Later, on the fourth trip, Kat also loses the ship she was assigned to guide. With only one trip left to make, she and her fellow pilots are heartsick and weakened by radiation exposure. Enzo resurfaces, and Kat argues with him. Then Starbuck corners Kat and demands an explanation for the fight. Kat finally confesses that she used to be a drug-runner; Enzo was her supplier. She lied about everything — even her real name — to become a pilot aboard the Galactica.

Now burdened by Starbuck's disgust as well as by radiation sickness, Kat embarks on her fifth passage through the cluster. To prove herself worthy of her honorable new identity, she'll risk everything to ensure that her final trip succeeds. [Blu-ray] [DVD]

Problems
- Apollo notes that there are 8 ships taken through the star cluster per trip and that there are 5 trips. Are there really 45 civilian ships in the fleet?

Factoids
- Survivors, according to the main title: 41420. (This is down by two from last episode.)
- Among what I could discern of the hybrid's speech this episode: "[...] one degree. Angle nominal. Seascape portrait of the woman child, cavern of the soul. Under pressure, heat ratio. Miles of evolution have buried their fears. [...] Throughout history the nexus between man and machine has been some of the most dramatic, compelling, [...] and entertaining [...] " Then when Baltar reaches out to her: "Intelligence. A mind that burns like a fire. Find the hand that basks in the shadow of the light. In the eye of the husband of the eye of the cow."

Remarkable Scenes
- Baltar: "I'll never understand what you all do all day long. Living on this thing like fleas on a cat."
- Baltar confronting D'Anna about her repeated suicides.
- Tigh returning to CIC.
- The fleet taking immense damage in the star cluster.
- Hot Dog losing the Adriatic.
- Kat losing the Carina.
- Pilots returning, Hot Dog throwing up, and Apollo attempting to brief his pilots.
- The Adama and Tigh laughing scene.
- Starbuck confronting Kat about her past.
- Baltar and D'Anna visiting the hybrid.
- Kat realizing that she's losing her hair.
- Kat's noble sacrifice.
- Starbuck visiting Kat.
- Adama visiting Kat and promoting her to CAG again.
- Starbuck hanging a photo of Kat under the photo of Riley's girlfriend, which Kat obsessed over in Scar.

My Review
Much like Torn, this episode is all setup for a confrontation between humans and Cylons in the next episode. This aspect of the episode is done quite well, because it merges an important issue in the fleet with that overall plot goal. A food shortage is something I've been waiting to see in the fleet since Water, in which Baltar outlined what seemed to be very difficult to sustain food requirements for the fleet. They turned out to be not so difficult to sustain after all, for over a year went by and this is the first time a food shortage ever became a problem. There was so much food to go around even that Lee Adama could gorge himself on it!

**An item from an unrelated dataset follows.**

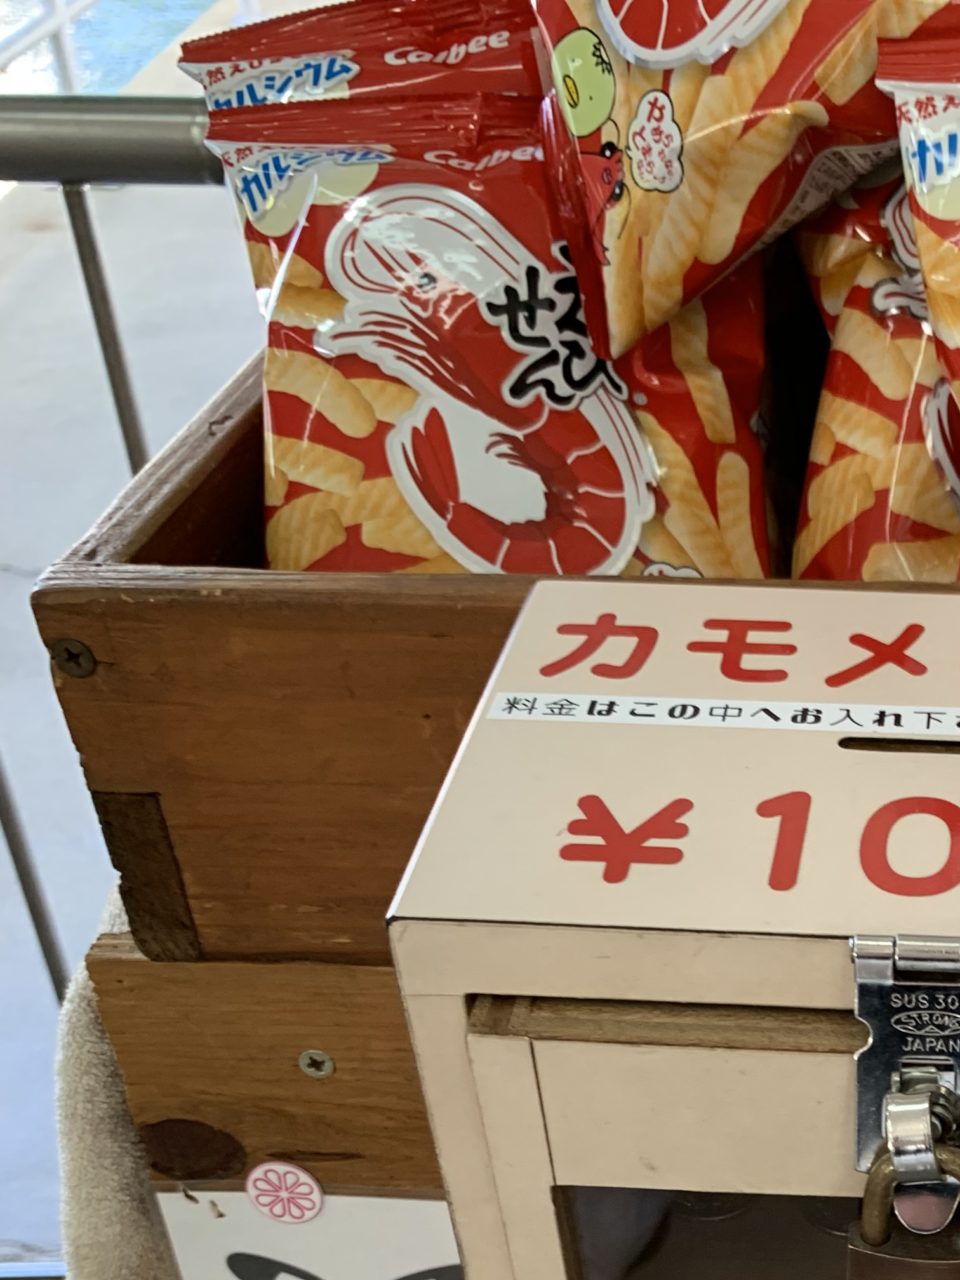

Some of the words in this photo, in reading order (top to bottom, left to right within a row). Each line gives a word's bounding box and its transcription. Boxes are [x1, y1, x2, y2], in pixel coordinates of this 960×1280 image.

[383, 30, 511, 65] Calbee
[890, 993, 930, 1009] SUS
[901, 1036, 960, 1053] JAPAN

I suppose better late than never is the best axiom to describe the food plot, as I appreciate that it's being addressed at all. I also am quite amused at the whole idea of the fleet harvesting and eating algae. How delightfully disgusting! Though as a whole, The Passage is an episode which does too much at once and therefore does none of it very well. Aside from the food crisis occurring way too late in the show, it spontaneously becomes a problem in the most contrived way. The food processing ship breaks down. This sounds like the premise from an original series episode. A better way to broach this topic would have been to have a gradual food shortage begin to take shape right after the exodus from New Caprica, until it culminates into food riots, then forcing the fleet into taking the drastic, risky measures taken in this episode.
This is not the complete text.